Timing Side Channel "Port Scanner" in the Browser
Here is a TCP "port scanner" that works from inside your browser. It can scan your local network! Actually, it is not really a port scanner, because it can only distinguish between the following two cases:
- The port is open or the port is closed and responds right away with a TCP RST or ICMP Destination Unreachable packet.
- The port is "stealthed" or the port is open and hangs when it receives an HTTP request or there isn't a host at that IP address at all.
So it is more correct to say that it scans for the presence of a host at an IP address, but it can be used as a port scanner if all the ports of a known-to-exist host are "stealthed" except for the open ones.
The scanner works by timing how long it takes your browser to give up trying to load a nonexistent image file. If it fails fast, it's Case 1. If it fails slowly, it's Case 2. This page uses 1500 milliseconds as the cutoff time, which works well in all the testing I've done. View this page's source code to see exactly how it works.
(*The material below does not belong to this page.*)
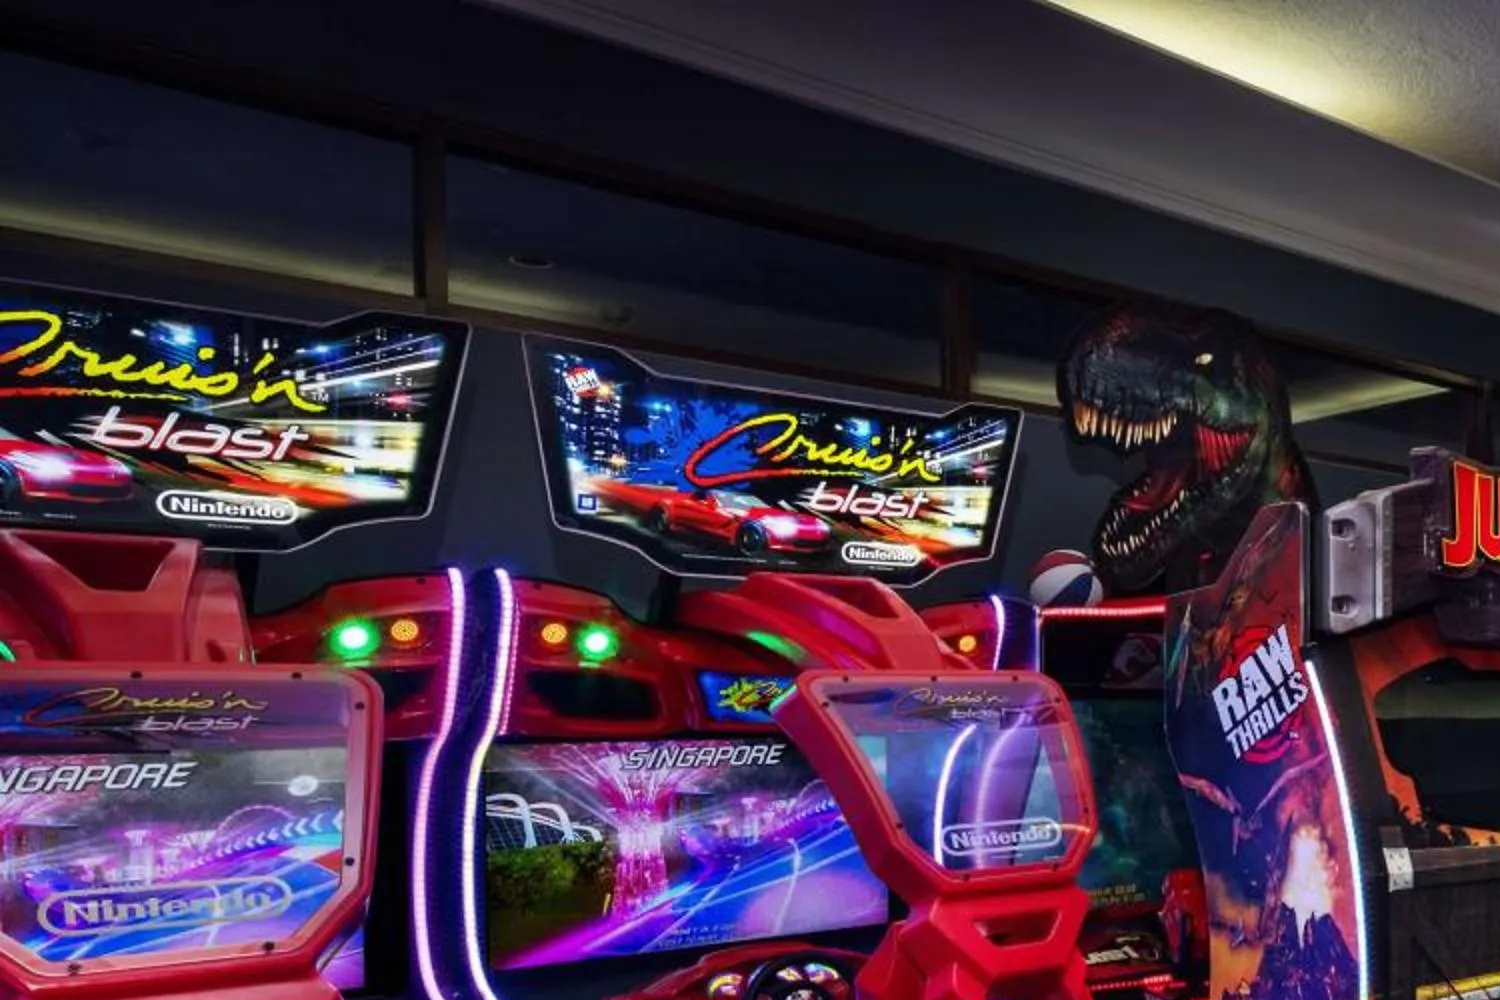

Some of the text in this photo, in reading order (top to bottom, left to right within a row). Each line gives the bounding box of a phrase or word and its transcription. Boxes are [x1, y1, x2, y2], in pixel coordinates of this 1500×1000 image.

Note: The scanner will not work if you have the NoScript Firefox extension and its ABE feature is enabled (see below). It also doesn't work with every port. For example, Firefox seems to know not to send requests to ports for other well-known services, like port 22 (SSH) or 110 (POP). At the very least, it works reliably with port 80 (HTTP) and 443 (HTTPS).
Why is this a problem?
I don't think this is a very big deal, but there are a few reasons you might not want it to be possible:
- If you visit an attacker's website, they can use your connection to port scan another host on the Internet as part of an attack. Since the scan came from your connection, you might get blamed.
Websites you visit can get a little bit of information about what you have running on your local network, which might help if they want to attack you later.
If you have a highly unique local network, then it can be used as a kind of "supercookie" to help track you online. This is probably impractical because scanning takes a long time.
Tor and Tails users: This scanner does not work in the Tor Browser Bundle. However it does work in Tails 1.3.2, and could potentially be used to deanonymize you.
For example, if you have a printer with an open web administration page on your local network, a website you visit could scan your network for printers, then fingerprint them (e.g. by requesting known image URLs for common brands of printers), potentially learning the make, model, and firmware version of your printer.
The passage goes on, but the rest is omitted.